For example, I suppose you think it was correct for Italian-American lawyers in the USA to send a letter to Italian authorities instructing them not to recognize Robert De Niro as an Italian citizen because he makes movies about the Mafia. Do you know what Italian authorities did with that silly letter? They ignored it stating that Italy has a Constitution and under it, De Niro is an Italian citizen. The mayor of De Niro's ancestral town, in all his wisdom and common sense, went even further saying that De Niro is more than welcome to be one of us and that movies about the Mafia are just movies -- but also that the Mafia is a part of Italian history and NO part of Italian history can ever be denied, which would also include my comment about vendetta.


----------



## panama rick (Oct 15, 2014)

Hi James. As I said earlier my wife and I just finished our process and it took over 2 years as we did not have a marriage certificate for her grandparents. That required us to go to court. My suggestion is to contact an attorney. You have a complicated situation. We (along with many other's) used Luigi Paiano in Bologna. He did everything he said he would do from beginning to end. He's handled hundreds of these cases and established a good relationship with the courts. I'm sure he will advise you at no cost.
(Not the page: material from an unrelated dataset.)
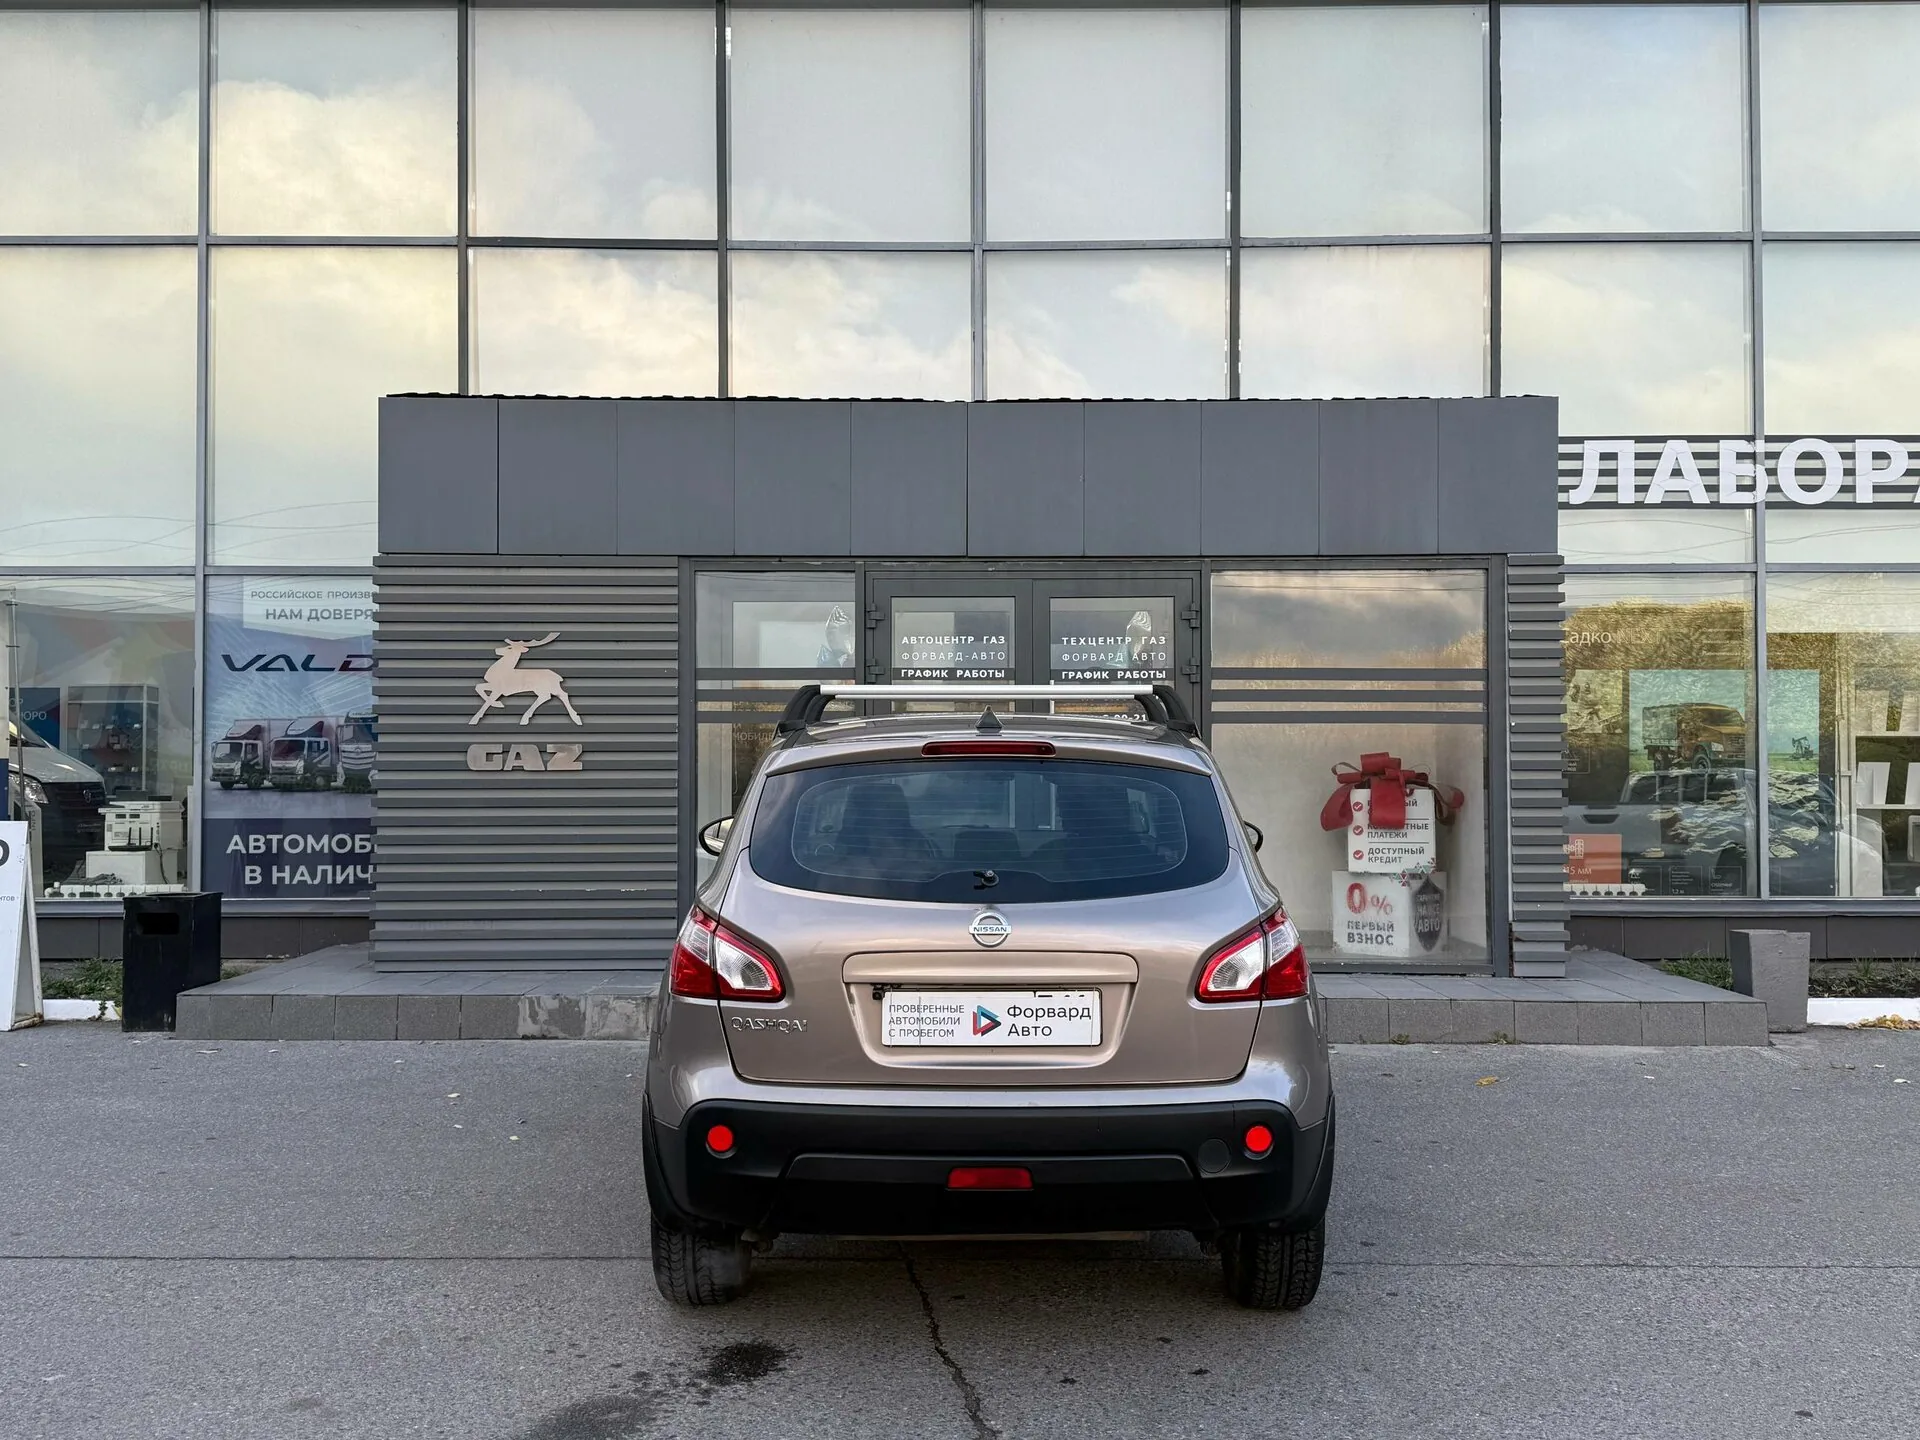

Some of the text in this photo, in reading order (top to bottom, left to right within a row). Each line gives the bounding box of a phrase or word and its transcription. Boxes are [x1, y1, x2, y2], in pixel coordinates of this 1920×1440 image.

Just Google him.


----------



## KenzoXIV (Nov 13, 2013)

Italia-Mx said:


> The second marriage by the great-grandfather in Australia would not be recognized by Italian authorities because he was already married to a woman in Italy and yes the children would be considered illegitimate and could only be recognized if the father was still alive and could swear or provide DNA that proves he is the father. We're talking more than three generations ago, so this is not likely. And as I said before there is the abandoned family to consider as well. It would not surprise me if the original family had the right to object to the recognition of descendants who exist because the original family was abandoned.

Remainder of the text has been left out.